======== DATA LISTING ========

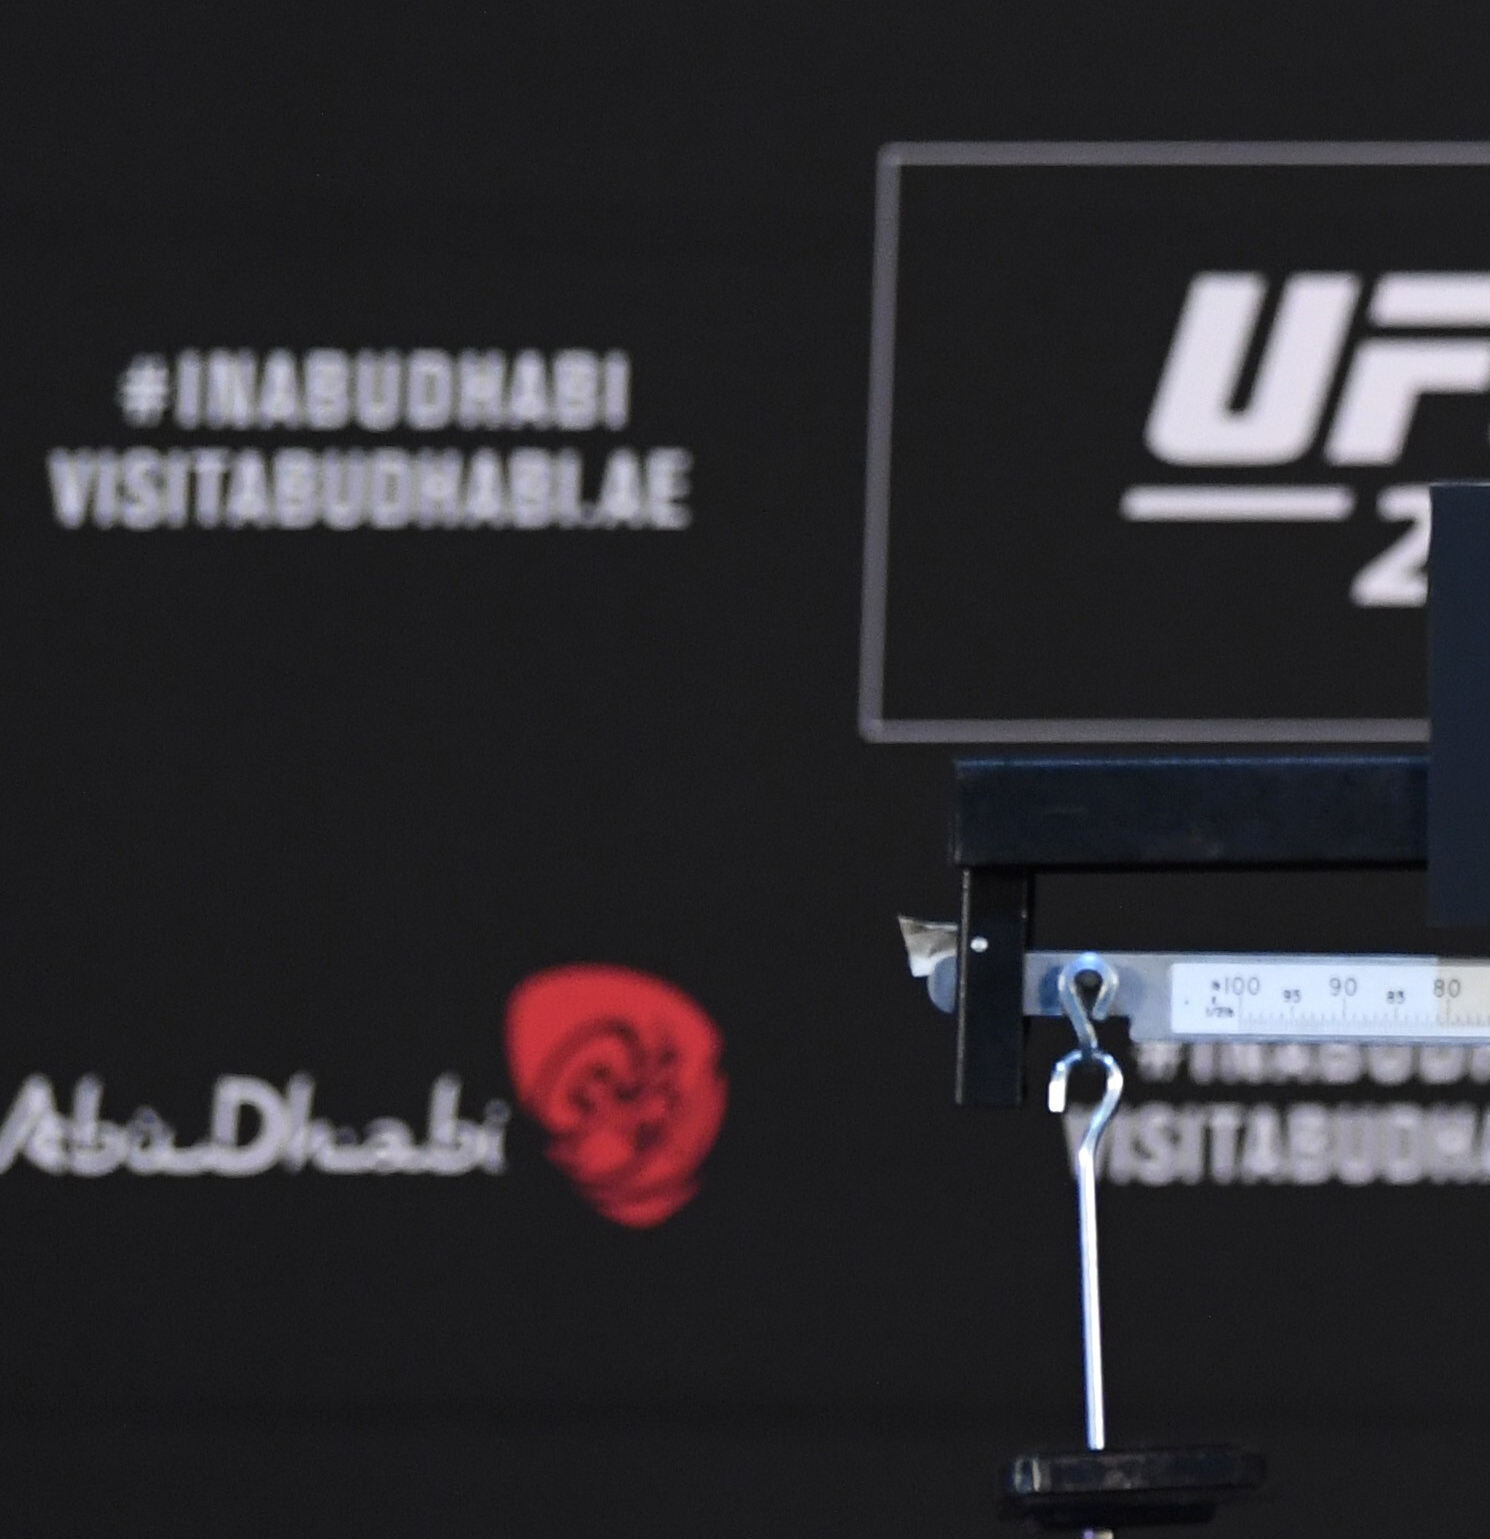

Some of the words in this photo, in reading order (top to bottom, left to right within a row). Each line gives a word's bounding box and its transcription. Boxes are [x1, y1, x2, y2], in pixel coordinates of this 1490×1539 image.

[118, 348, 630, 430] #INABUDHABI
[48, 447, 691, 530] VISITABUDHABI.AE
[1224, 975, 1261, 997] 100
[1329, 977, 1358, 997] 90
[1434, 976, 1463, 999] 80
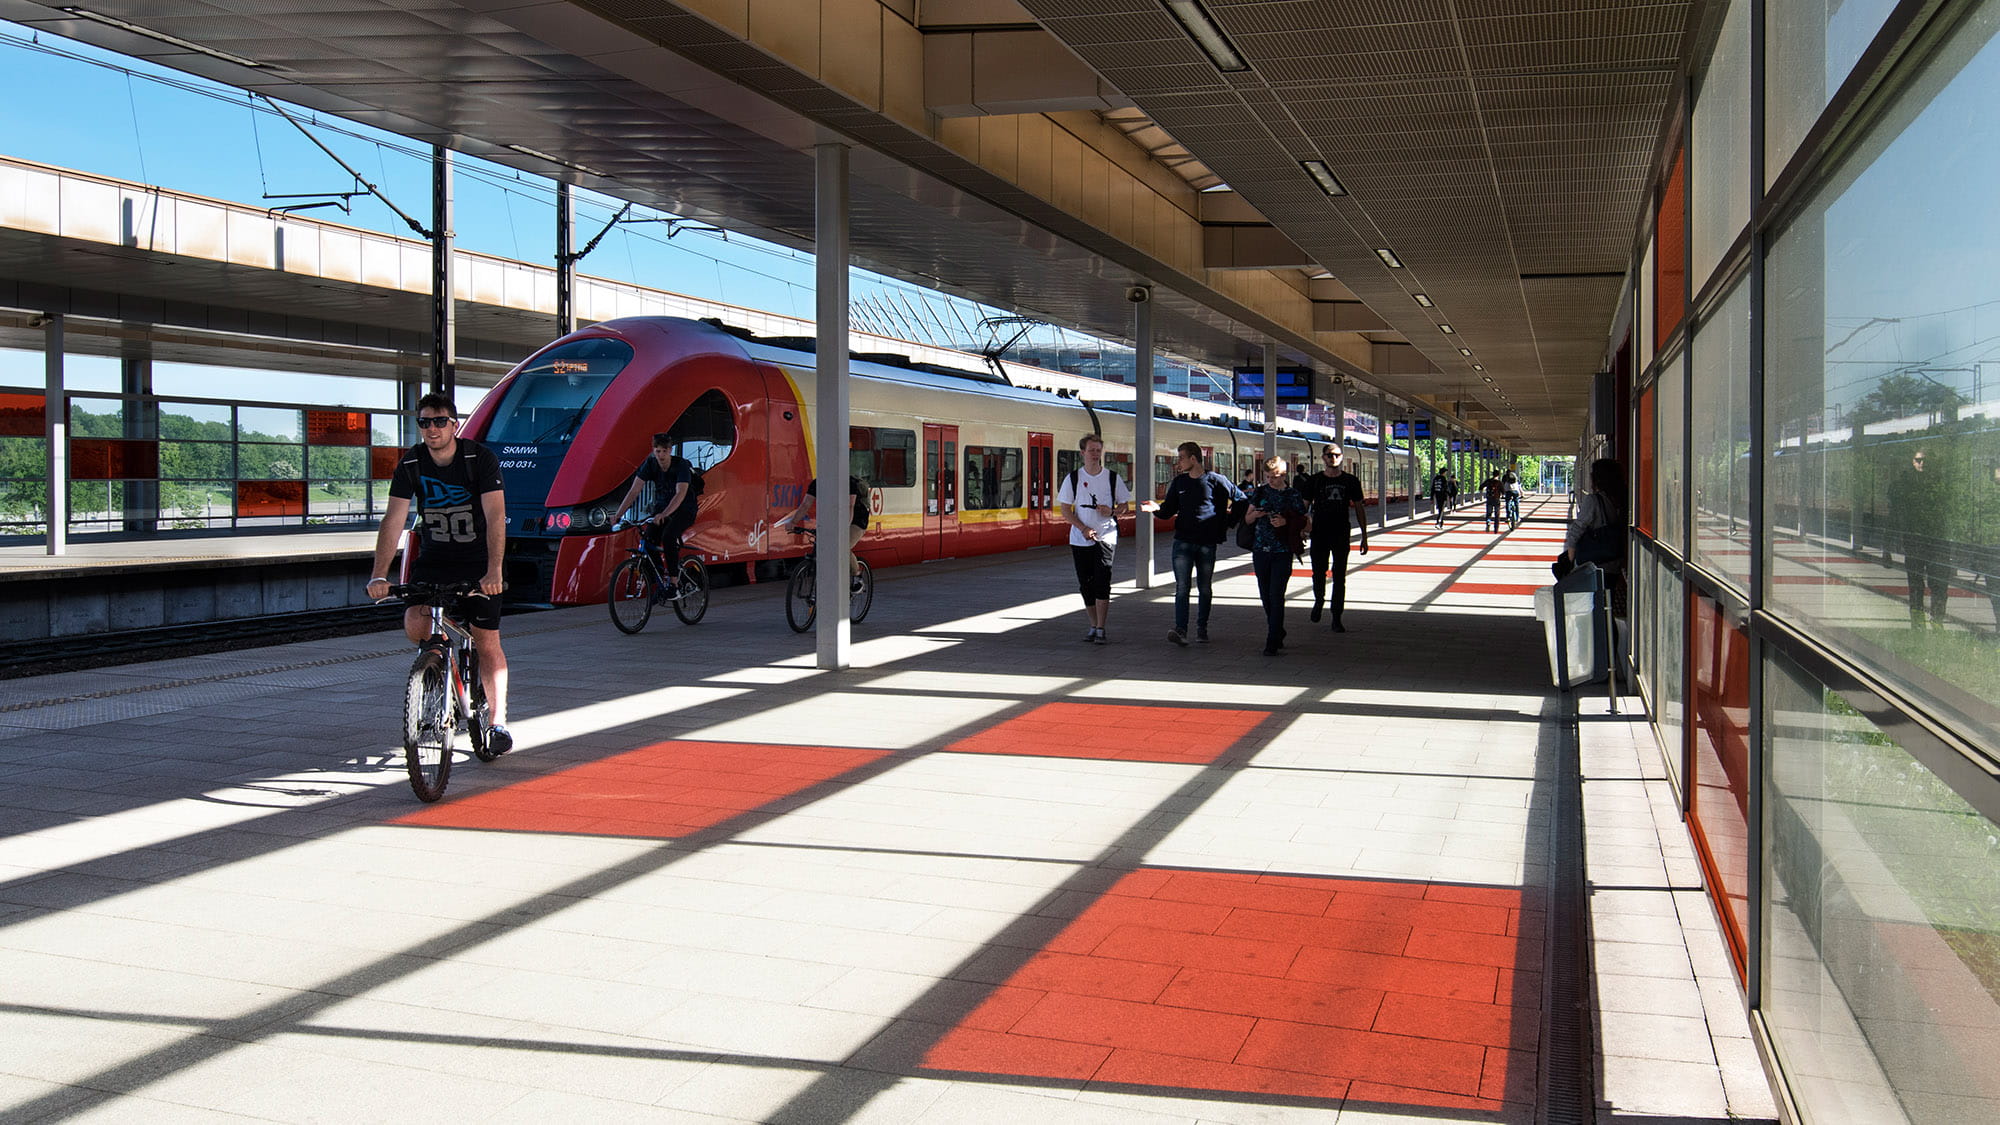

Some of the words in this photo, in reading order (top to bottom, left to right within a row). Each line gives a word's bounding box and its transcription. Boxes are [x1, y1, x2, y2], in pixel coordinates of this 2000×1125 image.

[502, 446, 538, 454] SKMWA
[499, 460, 515, 468] 160
[771, 484, 804, 508] SKM
[748, 519, 767, 553] elf
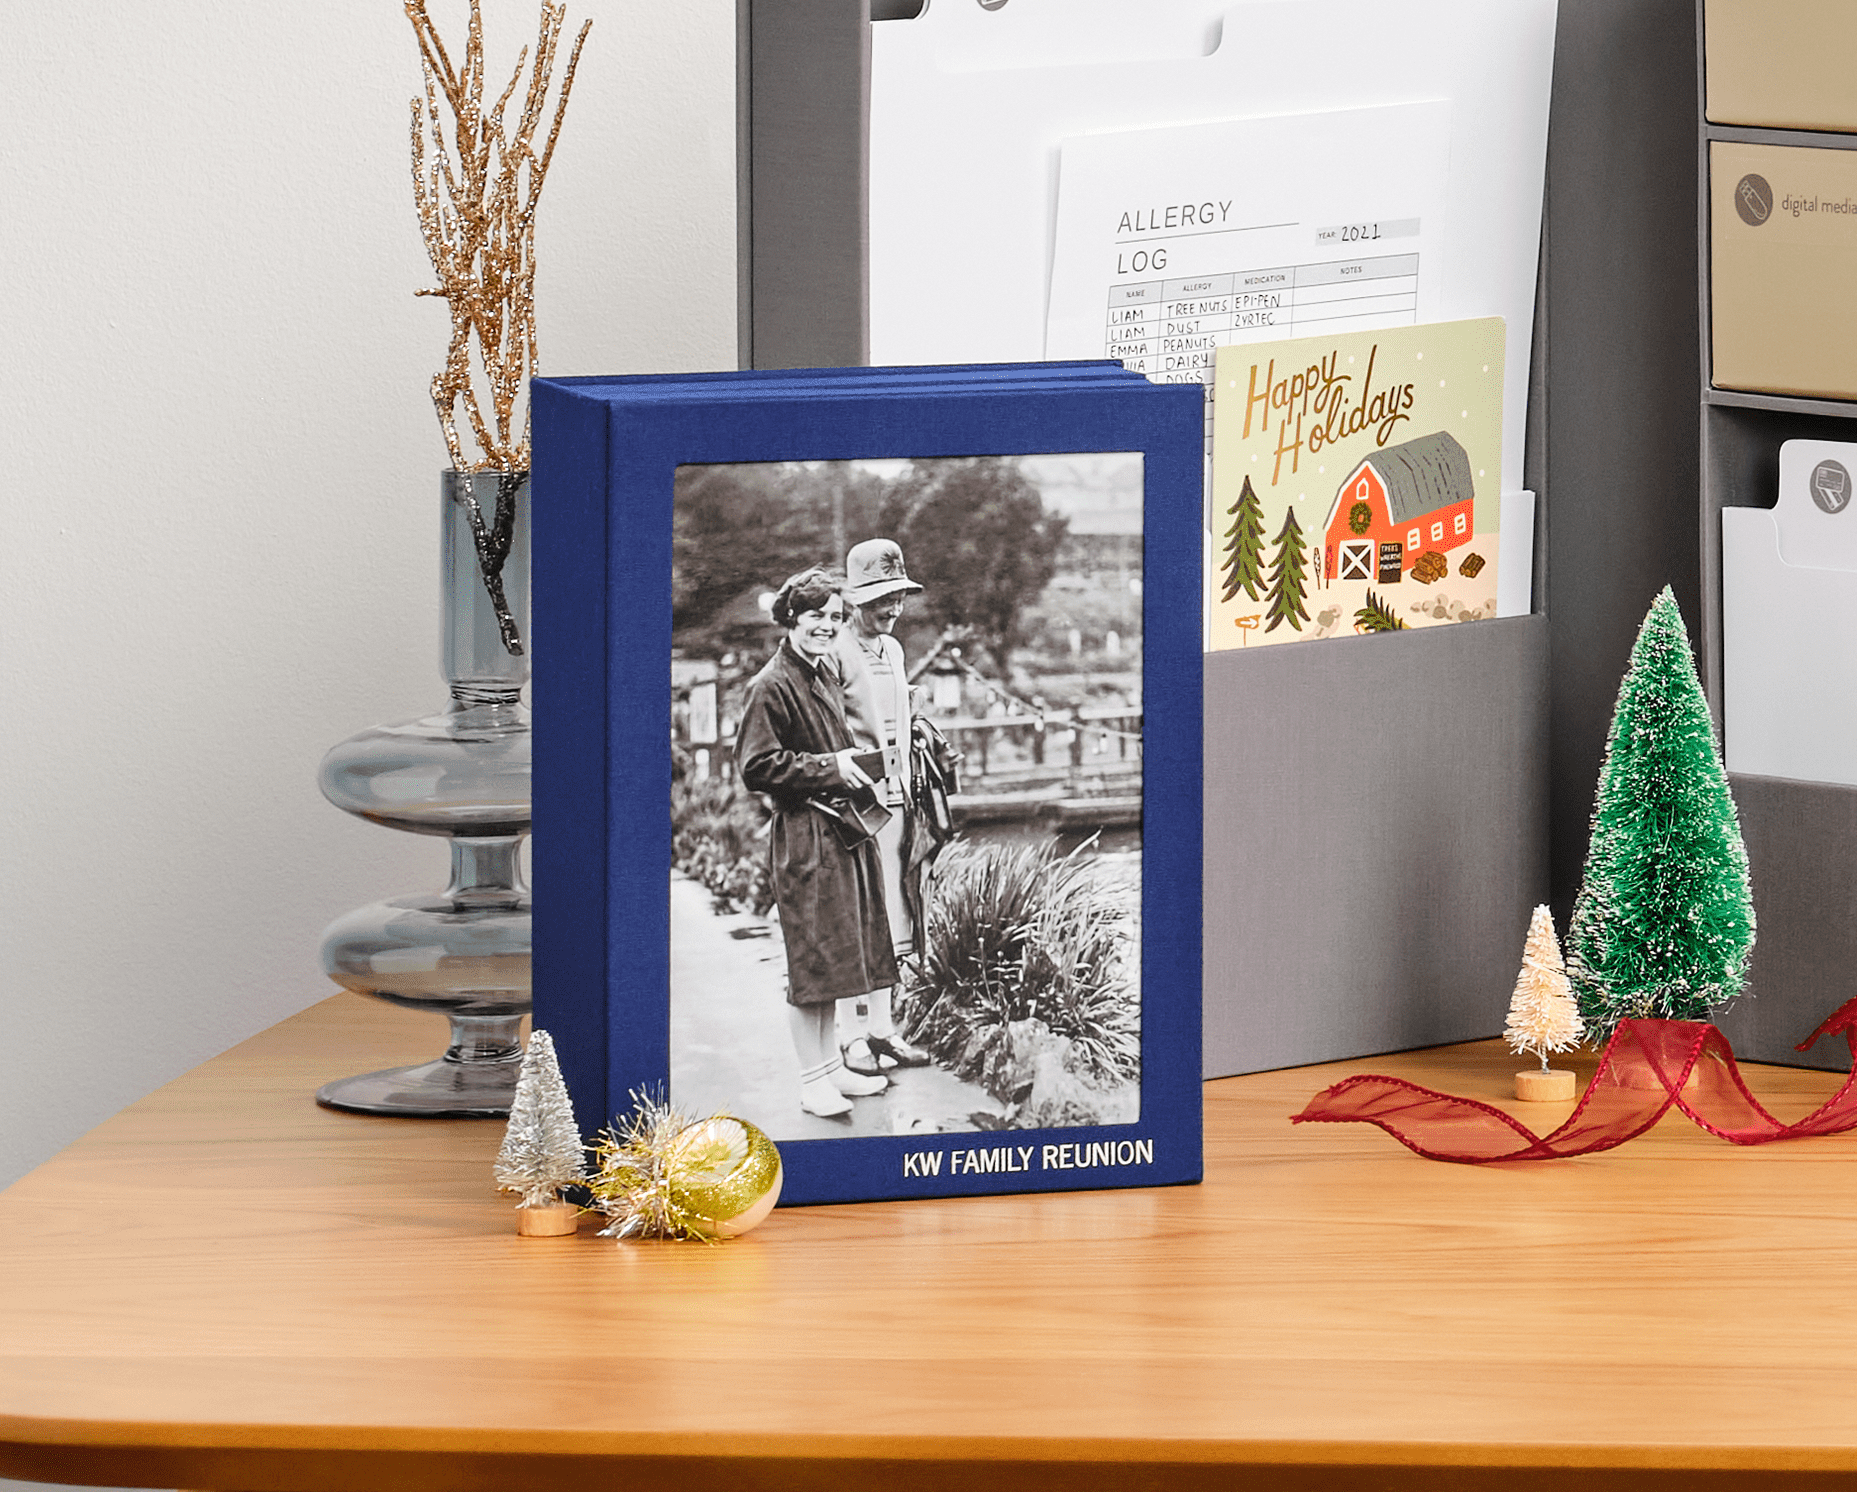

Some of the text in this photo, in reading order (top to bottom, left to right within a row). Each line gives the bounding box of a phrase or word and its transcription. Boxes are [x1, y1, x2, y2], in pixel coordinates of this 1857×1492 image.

[1781, 194, 1857, 218] digital media
[1117, 200, 1232, 234] ALLERGY
[1341, 223, 1381, 242] 2021
[1117, 248, 1167, 275] LOG
[1340, 265, 1362, 275] NOTES
[1183, 282, 1212, 292] ALLERGY
[1244, 274, 1286, 285] MEDICATION
[1126, 290, 1145, 298] NAME
[1235, 293, 1281, 309] EPI-PEN
[1111, 309, 1144, 324] LIAM
[1167, 299, 1228, 318] TREE NUTS
[1111, 326, 1146, 342] LIAM
[1167, 320, 1201, 337] DUST
[1110, 342, 1148, 359] EMMA
[1163, 334, 1216, 353] PEANUTS
[1165, 352, 1208, 371] DAIRY
[1242, 350, 1352, 440] Happy
[1272, 345, 1414, 486] Holidays
[903, 1138, 1154, 1178] KW FAMILY REUNION

========

In your copy, repeat each record exactly and include no pictures.

Some of the words in this photo, in reading order (top to bottom, left to right within a row). Each line gives a word's bounding box and its transcription. Boxes are [x1, y1, x2, y2], in pixel coordinates of this 1490×1539 image.

[118, 348, 630, 430] #INABUDHABI
[48, 447, 691, 530] VISITABUDHABI.AE
[1224, 975, 1261, 997] 100
[1329, 977, 1358, 997] 90
[1434, 976, 1463, 999] 80

Some of the words in this photo, in reading order (top to bottom, left to right within a row). Each line gives a word's bounding box and its transcription. Boxes are [x1, y1, x2, y2], in pixel coordinates of this 2000×1125 image.

[502, 446, 538, 454] SKMWA
[499, 460, 515, 468] 160
[771, 484, 804, 508] SKM
[748, 519, 767, 553] elf

Some of the text in this photo, in reading order (top to bottom, left to right within a row). Each line gives the bounding box of a phrase or word and its transcription. Boxes are [x1, y1, x2, y2], in pixel coordinates of this 1857×1492 image.

[1781, 194, 1857, 218] digital media
[1117, 200, 1232, 234] ALLERGY
[1341, 223, 1381, 242] 2021
[1117, 248, 1167, 275] LOG
[1340, 265, 1362, 275] NOTES
[1183, 282, 1212, 292] ALLERGY
[1244, 274, 1286, 285] MEDICATION
[1126, 290, 1145, 298] NAME
[1235, 293, 1281, 309] EPI-PEN
[1111, 309, 1144, 324] LIAM
[1167, 299, 1228, 318] TREE NUTS
[1111, 326, 1146, 342] LIAM
[1167, 320, 1201, 337] DUST
[1110, 342, 1148, 359] EMMA
[1163, 334, 1216, 353] PEANUTS
[1165, 352, 1208, 371] DAIRY
[1242, 350, 1352, 440] Happy
[1272, 345, 1414, 486] Holidays
[903, 1138, 1154, 1178] KW FAMILY REUNION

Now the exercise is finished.